I grabbed my forehead, still stinging from the impact. My right hand had hit it as well, and there was a shooting pain in my index finger. I sat on the ground, inhaling sharply from the shock, and massaging my head with my good hand. My breath was coming in short bursts, largely from the exertion of running.

"What the hell?" I said to no one.

My eyes whipped around me. There was nothing around me but forest. Had I been so distracted that I ran into a tree?

No, I was in the middle of the path.

"What the..." I repeated, my mouth going dry before I could finish the question.

It took me a moment of peering at the view in front of me before I noticed what was strange about it. It just looked like forest at first. I stood up tentatively, guarding my injured hand against my chest. There was something in front me.

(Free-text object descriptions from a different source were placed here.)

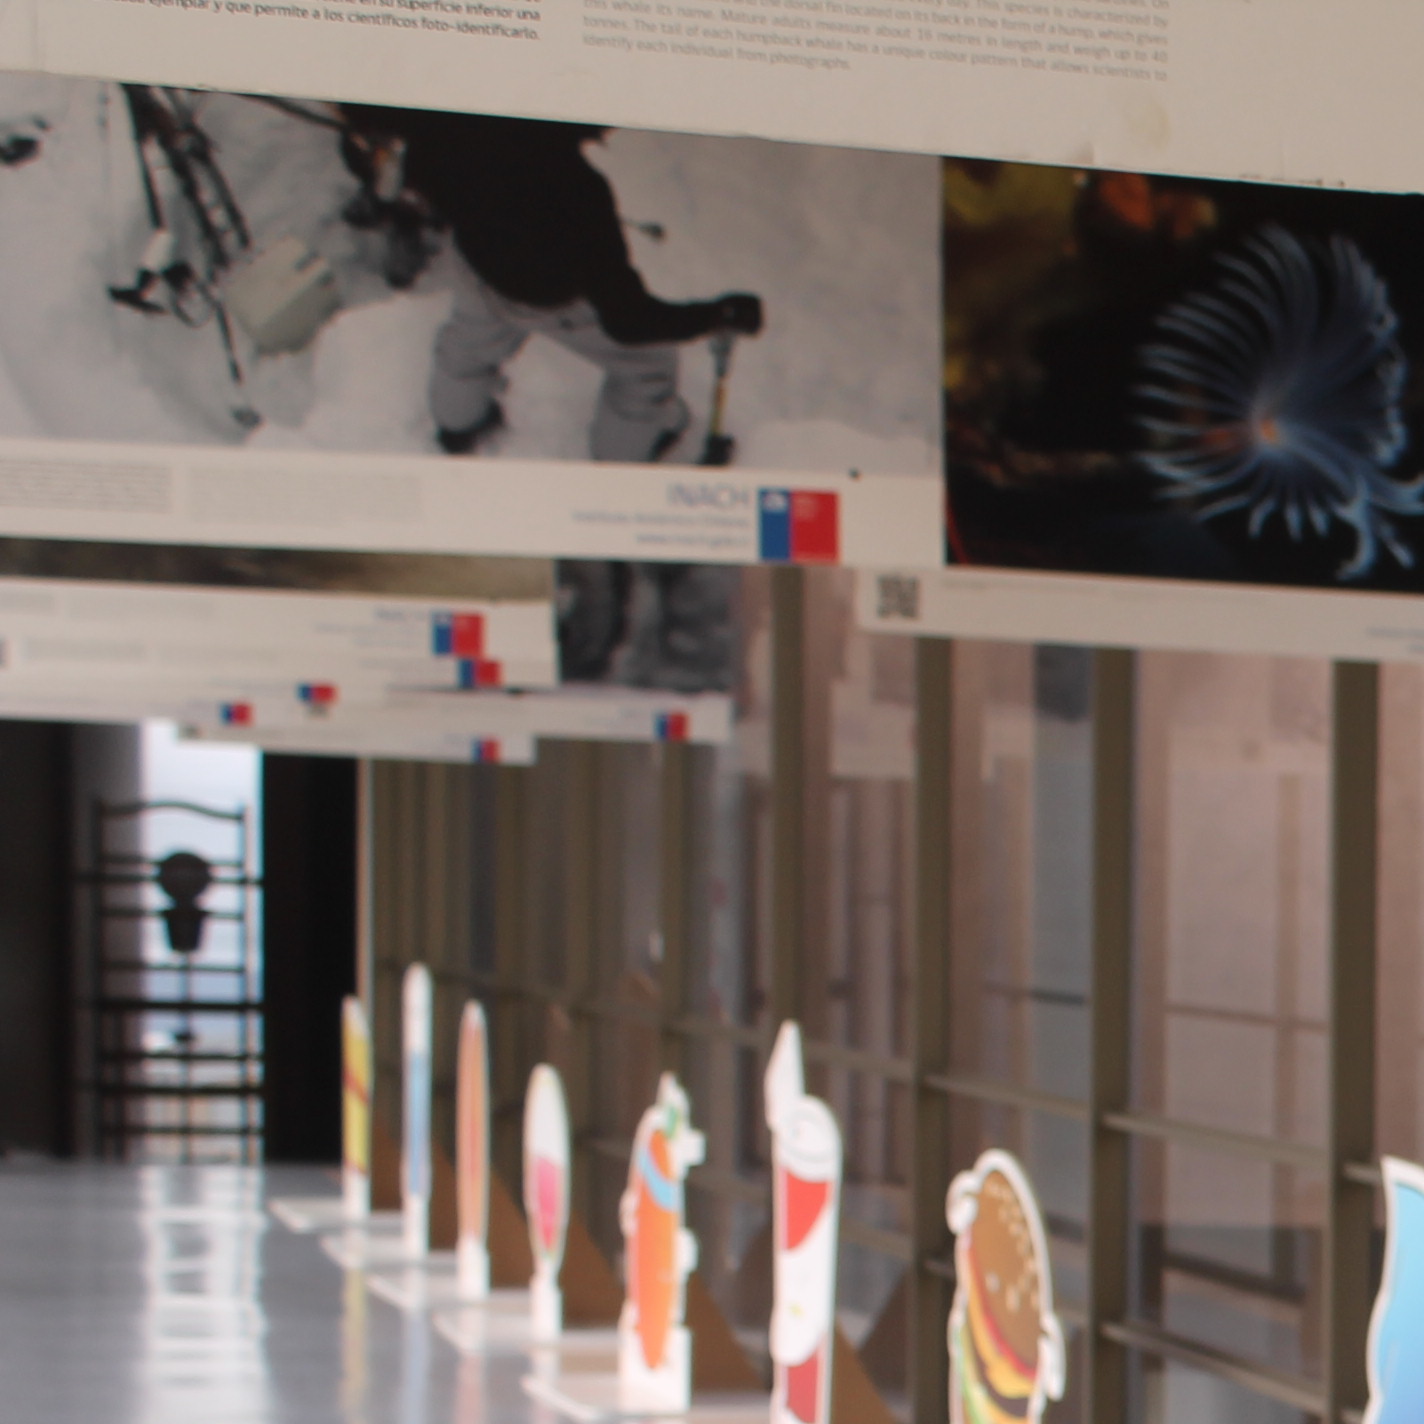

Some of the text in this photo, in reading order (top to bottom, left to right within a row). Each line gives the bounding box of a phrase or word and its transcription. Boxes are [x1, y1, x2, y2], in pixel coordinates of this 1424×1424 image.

[213, 1, 222, 14] y
[225, 2, 251, 14] que
[254, 3, 310, 19] permite
[312, 9, 322, 20] a
[323, 7, 344, 23] los
[347, 10, 417, 29] científicos
[397, 0, 463, 16] superficie
[466, 2, 513, 19] inferior
[516, 9, 541, 22] una

Something...not right.

I reached out my other hand, slowly, fingers splayed, shaking. What the hell was I looking at?

In front of me, the forest suddenly...twitched.

There was a wall. A wall made of forest. No, a screen—a screen that projected the forest. My hand fell flat against it, and the image briefly blurred around the edges of my fingers, like the entire thing was just a huge plasma television. I stepped to the right, my hand trailing along on the screen. But the farther I went, the more screen I felt.

It must end somewhere. I kept walking.

I ran my fingers down and up, my head turning to the side, trying to find the end. Then I looked up. I saw only sky. Birds. The canopy of trees.

There was no end.

It was a dome.

And I was trapped inside.

"I didn't get a chance to explain it," Amalia said from behind me. I whipped around to face her. Elaheh was standing next to her, out of breath. They had run to find me. She rested a hand on Amalia's arm, as though trying to steady herself.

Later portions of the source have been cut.